Still, the apology was needed, even more so now after figures were revealed that showed just 93 of the 2300 children’s books published in America were about black characters.

But sorry’s not enough anymore, if it ever really was enough.

The line-up for BookCon was revealed, featuring some pretty big names, but not a single person on that list was a person of colour.

There are more cats on that list than people of colour.

Think about that.

Grumpy Cat is as diverse as they were willing to get.

This isn’t a silly little slip-up BookCon and its organisers can just say “sorry” for and then scramble to hit some imaginary quota they have in mind that would make it go away. This is another assertion of the whiteness of publishing and indeed the world at large. When publishing’s big event, one attended by thousands of people, seems ignorant of its own whitewashing, what does that say about publishing itself? Clearly they must have known this would be a big glaring issue because they’d already played apology bingo with the aforementioned panel. BookExpo America’s Twitter response didn’t help matters. It was glib, passed the buck of blame and reeked of PR practised non-apology.
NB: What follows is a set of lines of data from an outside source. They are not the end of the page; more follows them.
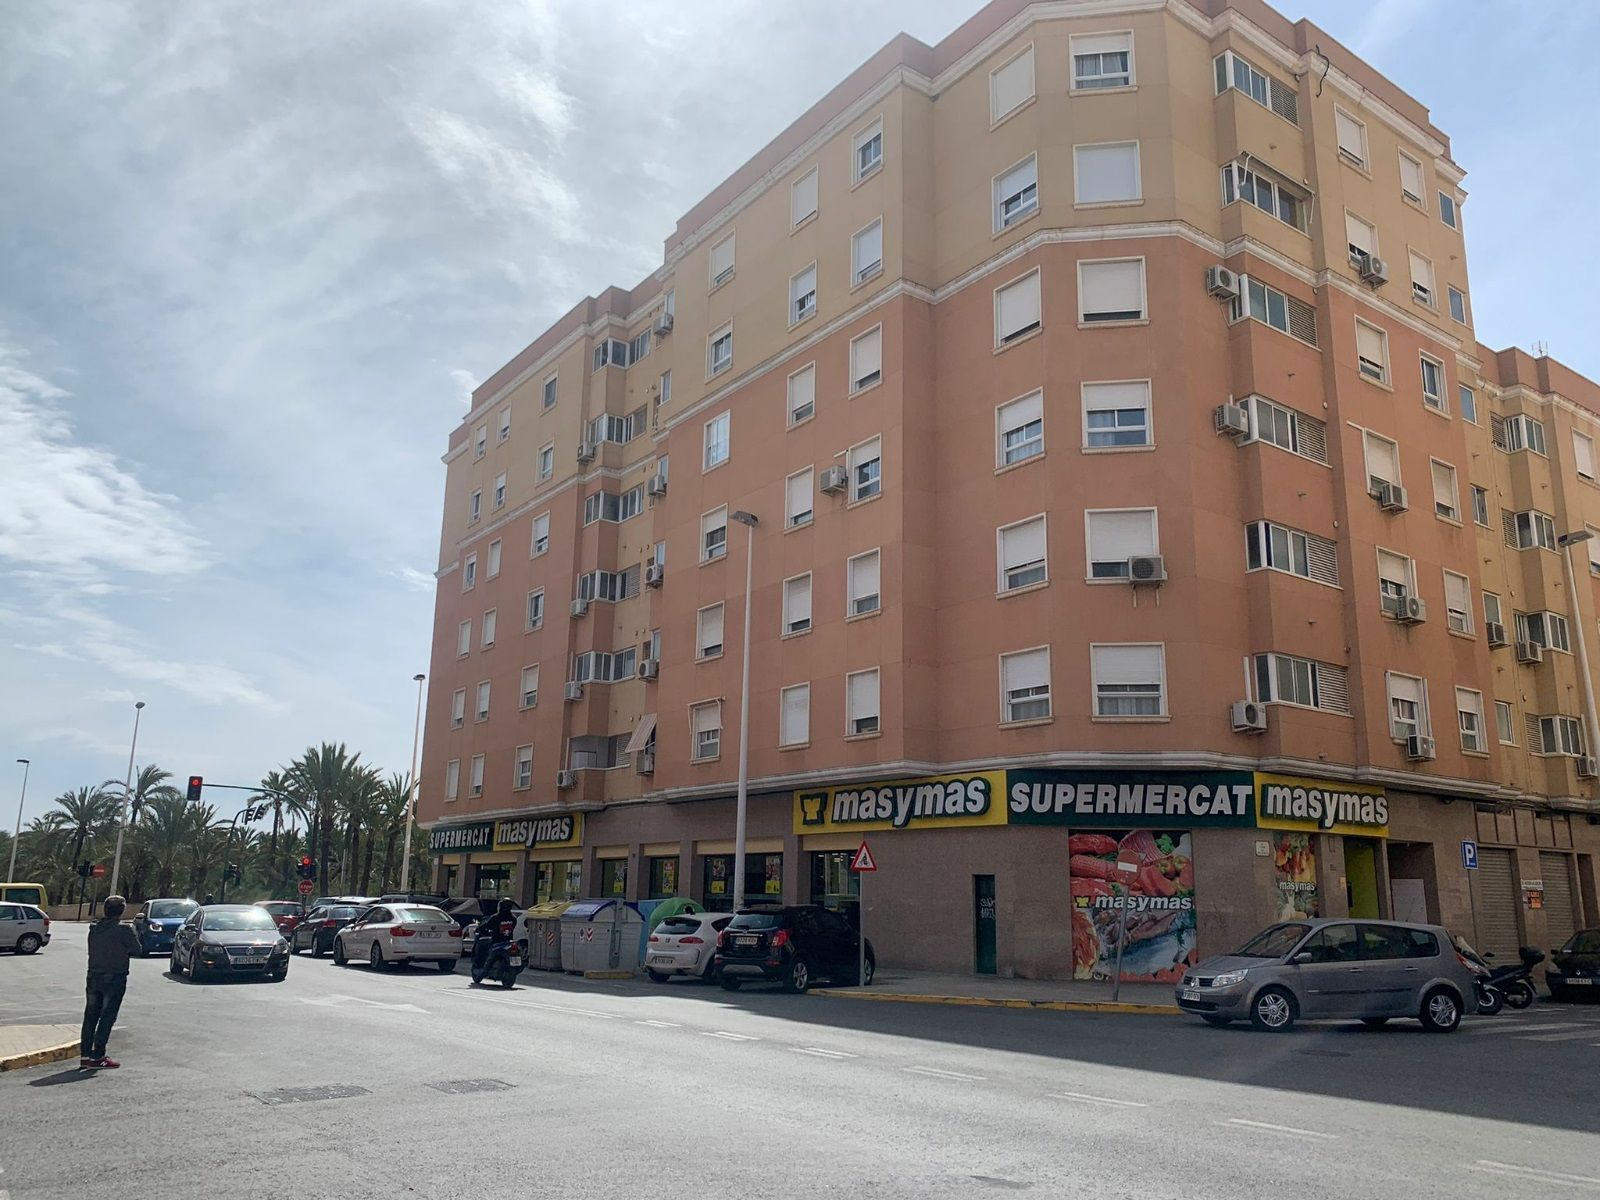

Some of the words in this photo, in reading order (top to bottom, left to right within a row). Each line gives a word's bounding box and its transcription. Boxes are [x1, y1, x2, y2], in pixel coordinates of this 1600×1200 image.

[832, 778, 986, 826] masymas
[1010, 781, 1253, 816] SUPERMERCAT
[1266, 784, 1389, 828] masymas
[429, 826, 490, 849] SUPERMERCAT
[497, 816, 571, 847] masymas
[1464, 843, 1475, 866] P
[1280, 880, 1316, 892] masymas
[1095, 894, 1192, 912] masymas
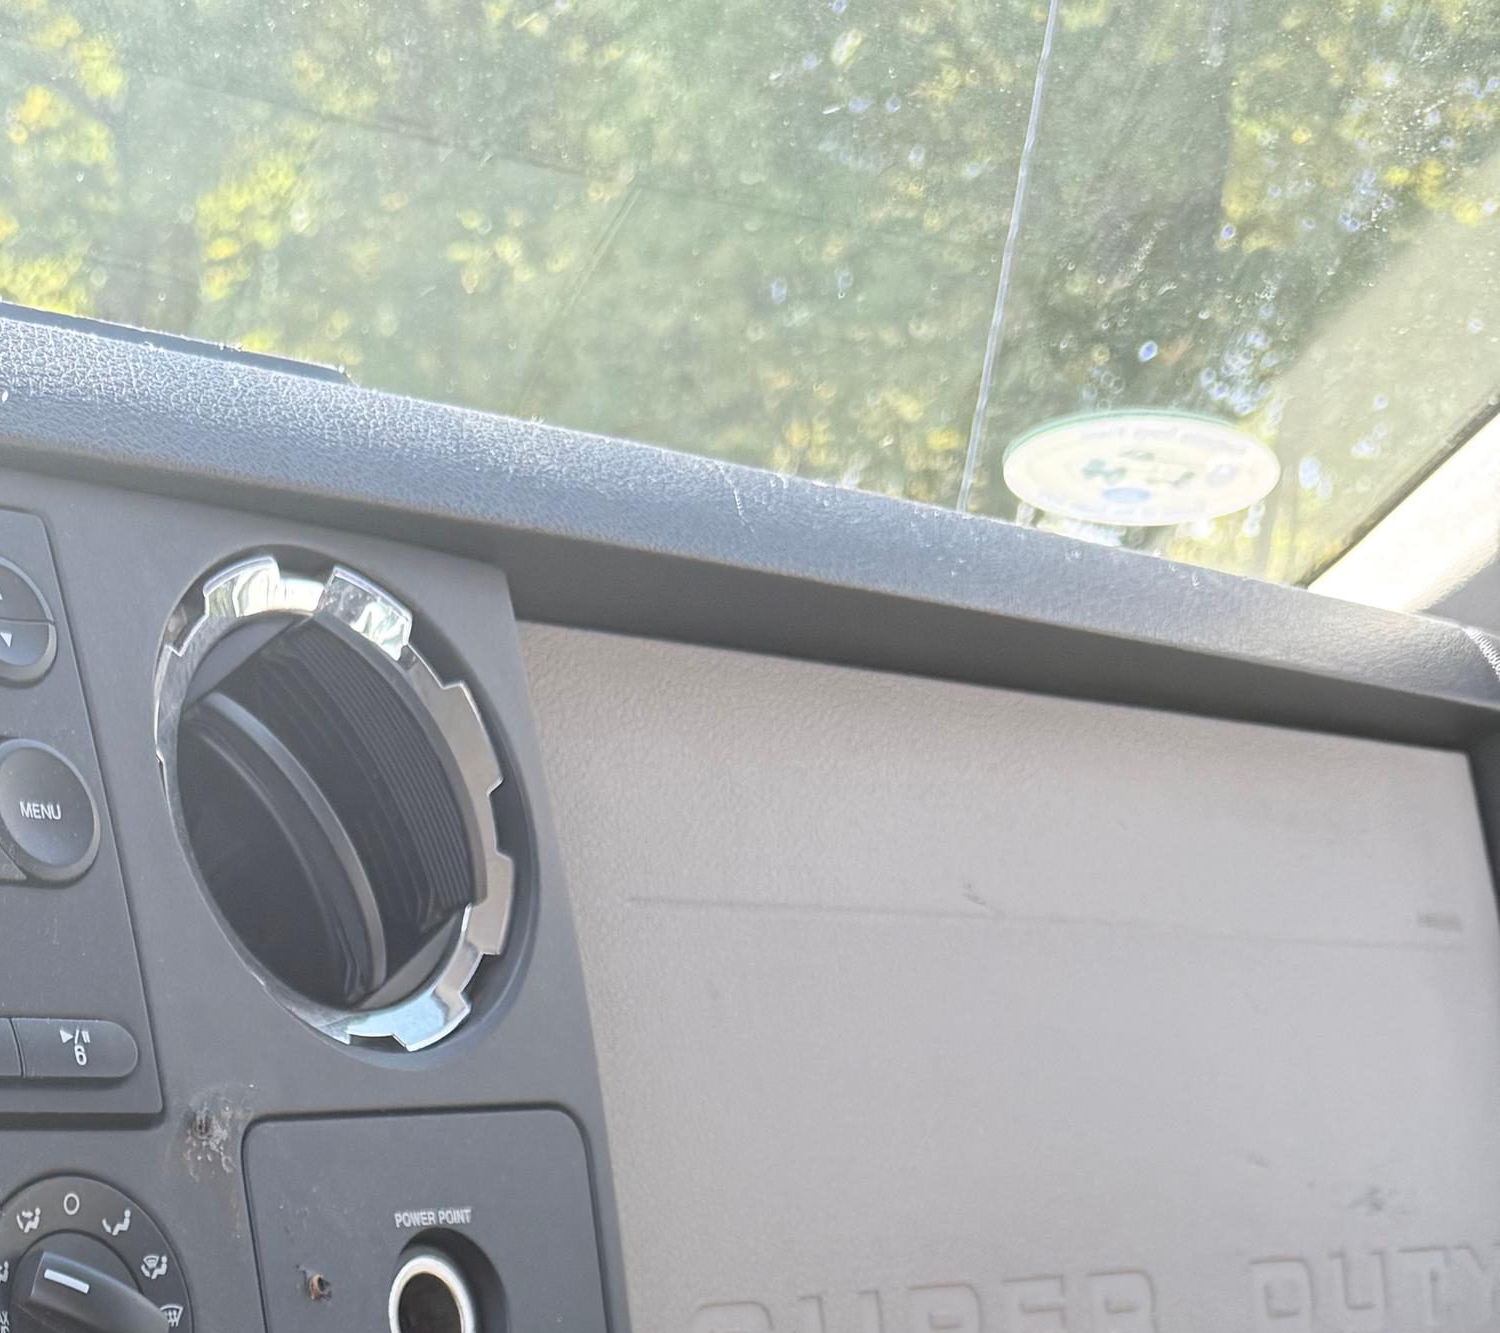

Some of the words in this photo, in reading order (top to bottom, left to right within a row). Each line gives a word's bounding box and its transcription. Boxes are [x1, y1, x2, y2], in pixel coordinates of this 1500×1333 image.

[20, 801, 61, 820] MENU
[74, 1044, 87, 1066] 6
[394, 1210, 436, 1228] POWER
[438, 1208, 472, 1225] POINT
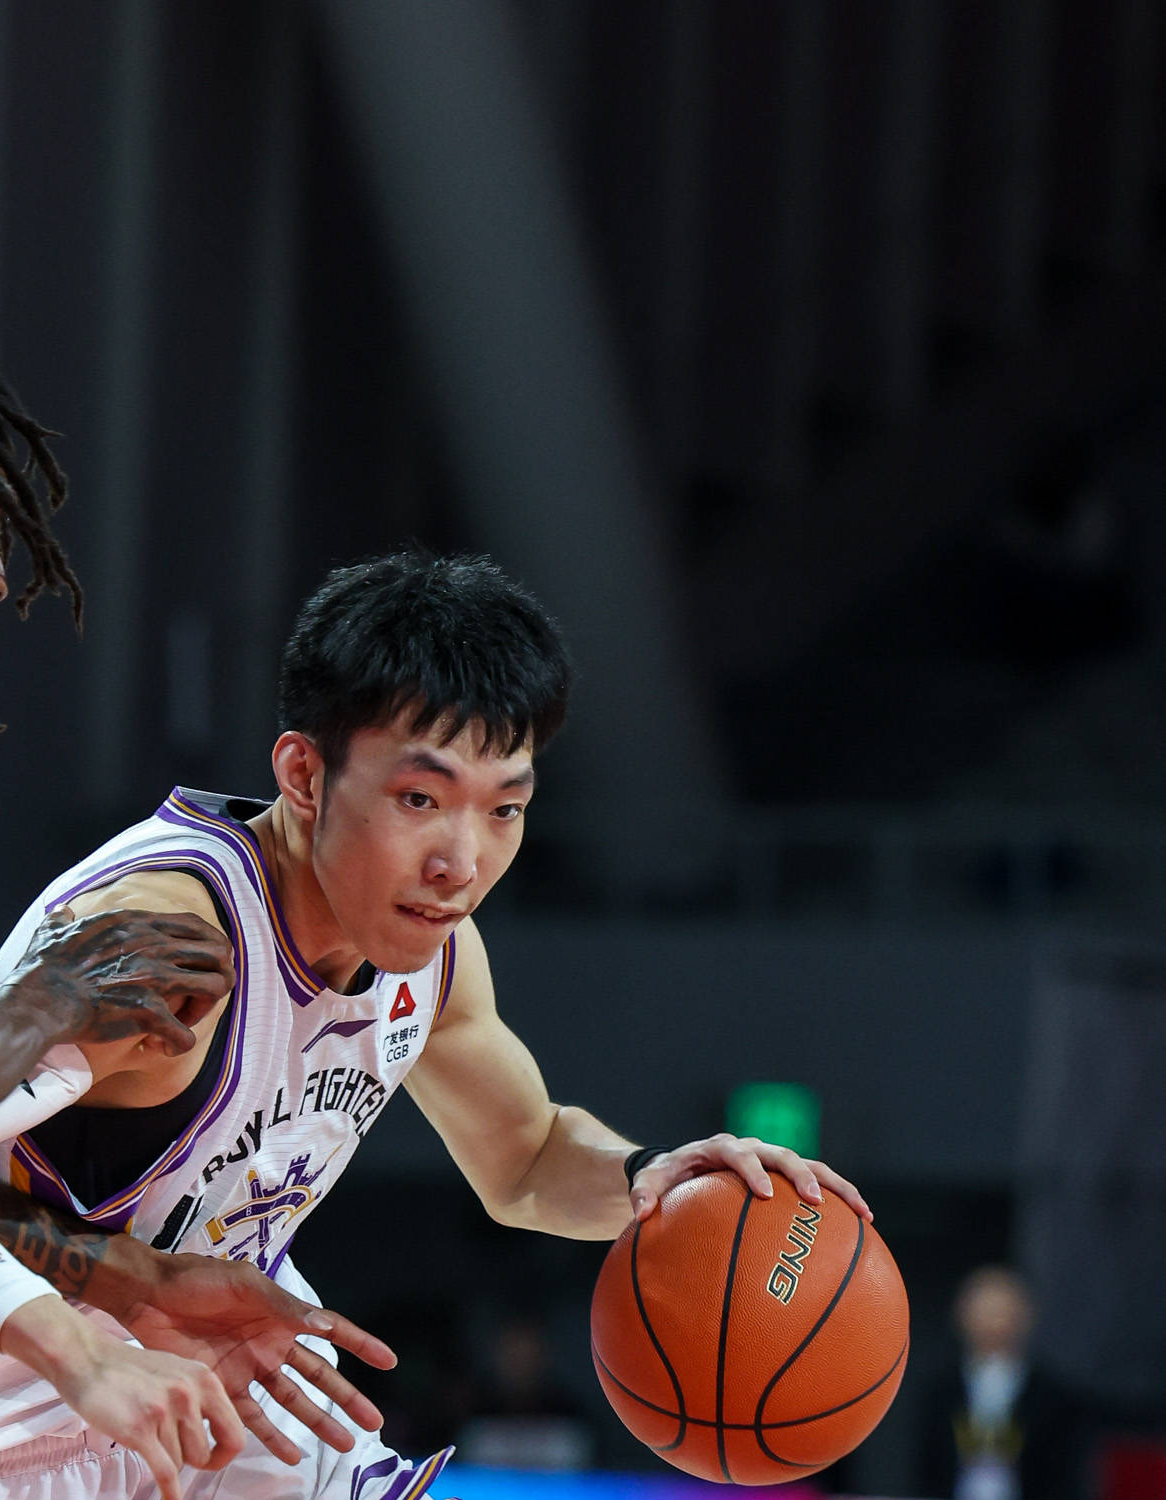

Think about how this will reflect on both authors, potential and working, and readers. We’ve talked at length on this site about how the supposedly female dominated field of YA fiction seems ruled by the same straight white men when it comes to clout, exposure and literary acclaim. That extends to all of publishing. Look at how few big literary award winners are people of colour, or how black authors writing about black characters are immediately categorised as “black fiction” regardless of content, or Junot Diaz being questioned as to whether using Spanish in his work would alienate readers (his response was a thing of true beauty).

BEA are following a well-trodden path of self-fulfilling prophecy, one that treats cis straight white middle class readers, usually men, as the “default” mode, their stories as “universal” whereas those of everyone else are for a “niche” market. This exclusionary policy of privilege isn’t just limited to the world of authors and protagonists: it’s prevalent in editors, agents, the heads of publishing and, of course, convention organisers.

You cannot be what you cannot see. Everyone has the right to see themselves in a story. It’s crucial that this ignorance is called out and dealt with, and we the privileged can’t just say “sorry” and be done with it. We can do better.

It’s not “political correctness” or looking for “tokens” to make an effort to be diverse: It’s called making an effort to reflect real life.